▶ [ACTION ITEM] The answer must be the full listing, repeated exactly.

▶ [RECORDS TO PROCESS]

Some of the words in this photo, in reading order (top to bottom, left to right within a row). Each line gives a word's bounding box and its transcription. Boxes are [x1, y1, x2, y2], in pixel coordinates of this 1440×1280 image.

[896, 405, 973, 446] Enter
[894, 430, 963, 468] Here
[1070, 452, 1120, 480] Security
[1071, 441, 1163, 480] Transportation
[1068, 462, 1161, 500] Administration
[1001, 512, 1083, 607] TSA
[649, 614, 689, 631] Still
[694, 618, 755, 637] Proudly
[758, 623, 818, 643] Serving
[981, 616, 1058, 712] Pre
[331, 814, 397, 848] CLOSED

▶ [OUTPUT FOR THIS TASK]
Some of the words in this photo, in reading order (top to bottom, left to right within a row). Each line gives a word's bounding box and its transcription. Boxes are [x1, y1, x2, y2], in pixel coordinates of this 1440×1280 image.

[896, 405, 973, 446] Enter
[894, 430, 963, 468] Here
[1070, 452, 1120, 480] Security
[1071, 441, 1163, 480] Transportation
[1068, 462, 1161, 500] Administration
[1001, 512, 1083, 607] TSA
[649, 614, 689, 631] Still
[694, 618, 755, 637] Proudly
[758, 623, 818, 643] Serving
[981, 616, 1058, 712] Pre
[331, 814, 397, 848] CLOSED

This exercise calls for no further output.